Re: Enabling peer to peer device transactions for PCIe devices

From: Jason Gunthorpe
Date: Thu Nov 24 2016 - 11:24:37 EST


On Thu, Nov 24, 2016 at 12:40:37AM +0000, Sagalovitch, Serguei wrote:
> On Wed, Nov 23, 2016 at 02:11:29PM -0700, Logan Gunthorpe wrote:
>
> > Perhaps I am not following what Serguei is asking for, but I
> > understood the desire was for a complex GPU allocator that could
> > migrate pages between GPU and CPU memory under control of the GPU
> > driver, among other things. The desire is for DMA to continue to work
> > even after these migrations happen.
>
> The main issue is to how to solve use cases when p2p is
> requested/initiated via CPU pointers where such pointers could
> point to non-system memory location e.g. VRAM.

Okay, but your list is conflating a whole bunch of problems..

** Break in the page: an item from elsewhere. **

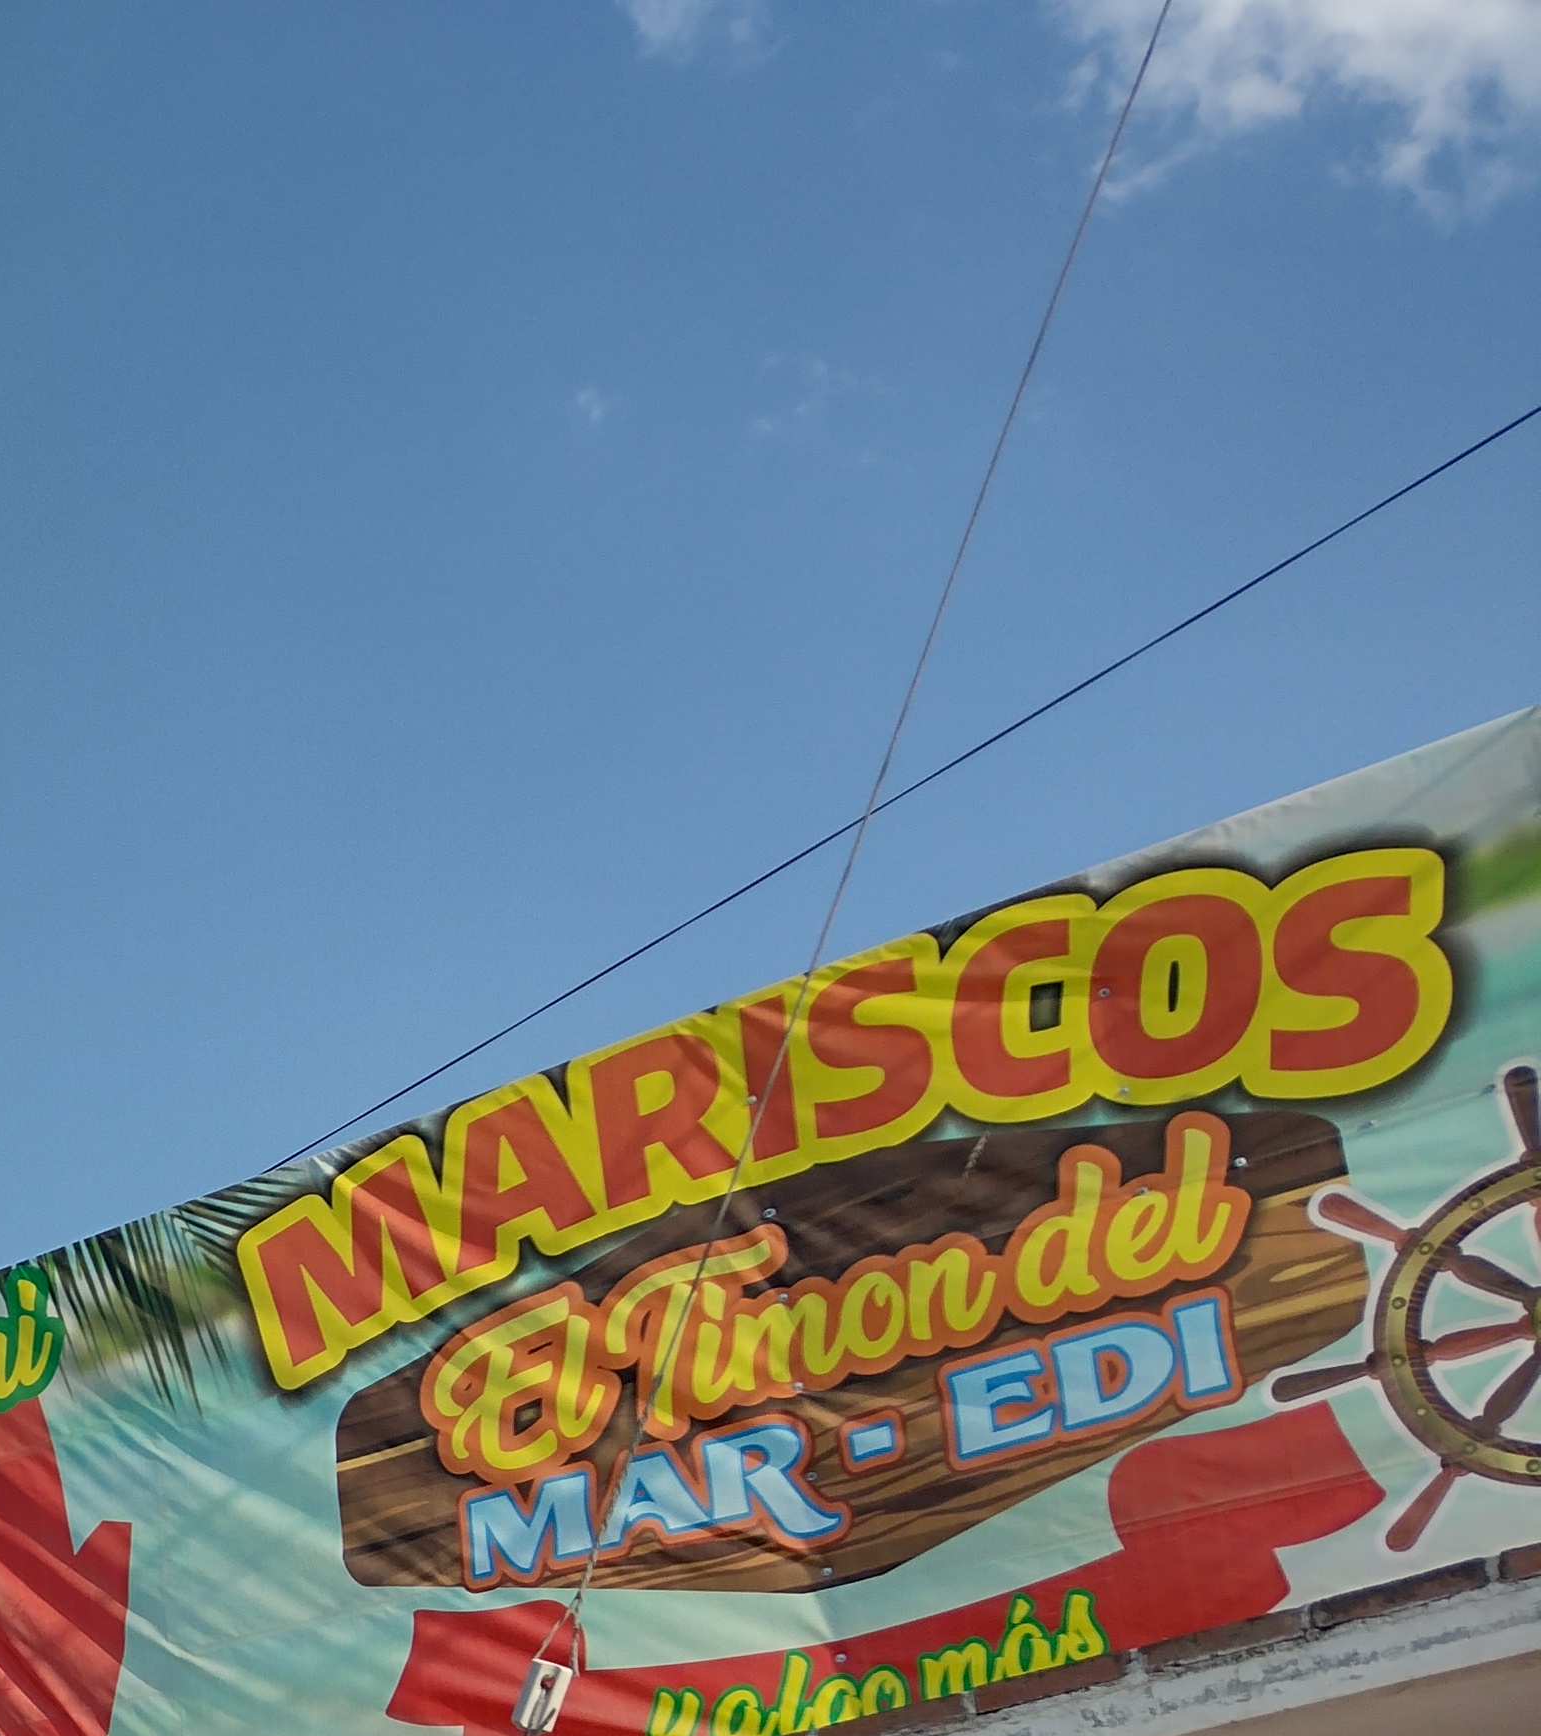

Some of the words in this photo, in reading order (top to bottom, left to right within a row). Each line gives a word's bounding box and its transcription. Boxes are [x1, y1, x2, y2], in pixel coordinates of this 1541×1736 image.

1) How to go from a __user pointer to a p2p DMA address
a) How to validate, setup iommu and maybe worst case bounce buffer
these p2p DMAs
2) How to allow drivers (ie GPU allocator) dynamically
remap pages in a VMA to/from p2p DMA addresses
3) How to expose uncachable p2p DMA address to user space via mmap

> to allow "get_user_pages" to work transparently similar
> how it is/was done for "DAX Device" case. Unfortunately
> based on my understanding "DAX Device" implementation
> deal only with permanently "locked" memory (fixed location)
> unrelated to "get_user_pages"/"put_page" scope
> which doesn't satisfy requirements for "eviction" / "moving" of
> memory keeping CPU address intact.

Hurm, isn't that issue with DAX only to do with being coherent with
the page cache?

A GPU allocator would not use the page cache, it would have to
construct VMAs some other way.

> My understanding is that It will not solve RDMA MR issue where "lock"
> could be during the whole application life but (a) it will not make
> RDMA MR case worse (b) should be enough for all other cases for
> "get_user_pages"/"put_page" controlled by kernel.

Right. There is no solution to the RDMA MR issue on old hardware. Apps
that are using GPU+RDMA+Old hardware will have to use short lived MRs
and pay that performance cost, or give up on migration.

Jason